Saturday’s storm caused the worst flooding in Milford since Storm Sandy in 2012, local officials said, following a weekend of waiting for roads to empty of standing water.

Milford’s Public Works crews were out most of Saturday night clearing storm drains to help empty roads after Saturday’s nor’easter caused serious flooding along much of Milford’s low-lying areas.

With high tide at 1:25 p.m. Saturday, waters were flooding New Haven Avenue, East Broadway, Gulf Street and other parts of the city in the early afternoon and into mid-afternoon.

“All the usual spots flooded, but there was much more water,” said Fire Chief Douglas Edo.

Edo said the timing of the highest tide cycle at 7.8 feet, plus the astronomical tide — full moon — combined with the east winds really pushed the water. “But luckily the strongest winds missed Milford,” Edo said.

Basements flooded and many roads were closed, and by Sunday afternoon there was still water on the roads in the Bayview Beach area, he said.

Along East Broadway at the peak of the high tide Saturday, several homeowners stood outside as the water from Long Island Sound flowed over the roadway and down along side streets.

On Broadway, which is on the other side of Silver Sands State Park, conditions were much the same. The owners of the Costa Azzurra Restaurant were outside as the waves pounded the seawall behind the restaurant. The force of the tide had ripped up a portion of the parking lot, sending gravel and rocks spewing, and the owners were shoveling the debris away. The damage here isn’t as bad as it was during Irene and Sandy, “but it’s pretty bad,” said one of the men clearing the stones and debris.

Broadway was taped off to motorists just past Bertrose Avenue because the road was under water at about 3 p.m. Outside the Wildermere Beach Congregational Church, water filled the parking lot, reaching several inches up the tires of the cars parked there.

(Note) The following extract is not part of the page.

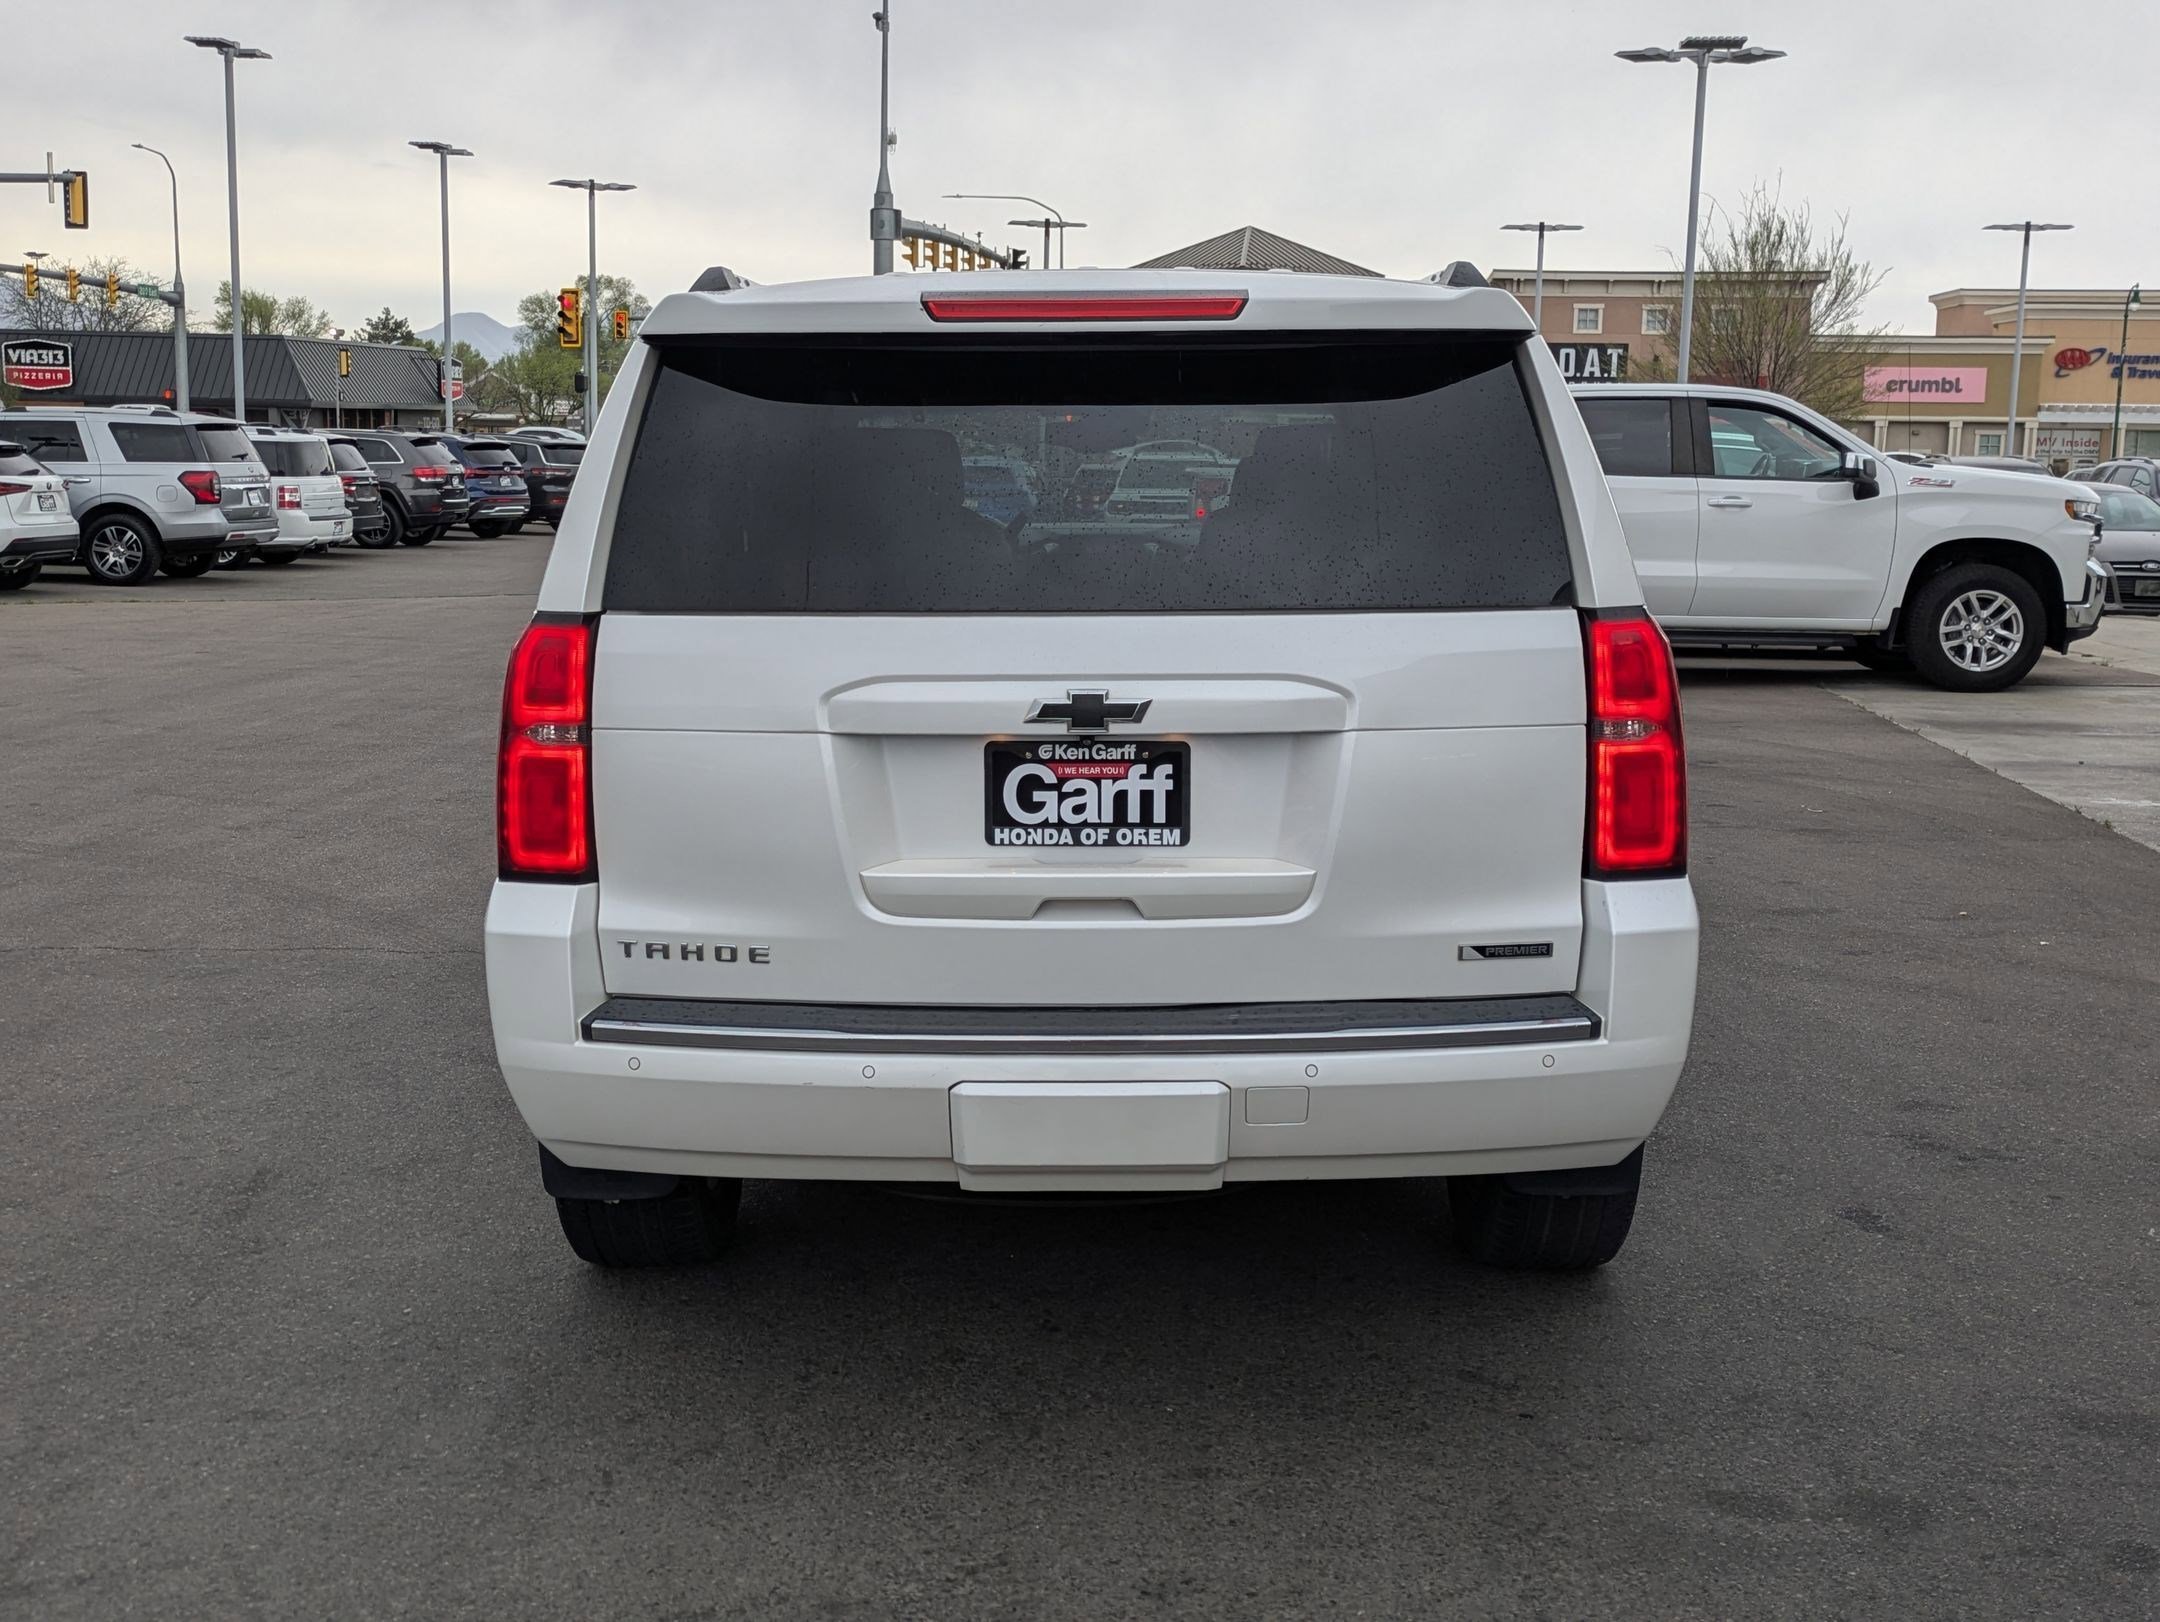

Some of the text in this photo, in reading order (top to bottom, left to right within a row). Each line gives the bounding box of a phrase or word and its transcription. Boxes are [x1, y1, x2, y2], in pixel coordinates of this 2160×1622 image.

And all along Broadway at about 3 p.m., as the rain fell relatively softly and the wind gusted, the repeated pounding of the tide could be heard as waves crashed against the shore.

Jennifer Ruspini, who owns a cottage on Bayshore Drive in Bayview Beach, said she got water in her kitchen. It came in from the marsh behind her house. While the water had receded from her kitchen by about 3 p.m., her back yard, once gravel and grass, was still a sea of water.

She pondered the idea of elevating the small cottage, which she has only owned for a year. But she wasn’t terribly upset about the day’s drama. “When I purchased the house, I understood this could happen,” she said.

Bayshore Drive was still impassable late Saturday, though some motorists did venture through the water. Mayor Ben Blake said one person had to be rescued from a car stranded in high water in Cedar Beach earlier in the day, but other than that he did not know of any rescues.

The mayor said the city sent an alert Friday night advising people to move their cars to higher grounds, and he thinks most people did so. The city set up barricades in many areas of the city, including Gulf Street in front of Gulf Beach, which one resident said was severely flooded at high tide.

The Hillside Avenue area, which has been hit hard by past storms, received “some heavy wave action,” Chief Edo said.

Not everyone along the shore was fighting the tide Saturday afternoon. At the end of Naugatuck Avenue, several children darted along the shoreline, running and laughing as the waves rushed in. As they played, and as their parents watched, one of the mothers talked on the phone to a relative who was trying to drive to the area but was being turned away by flooded and blocked roadways.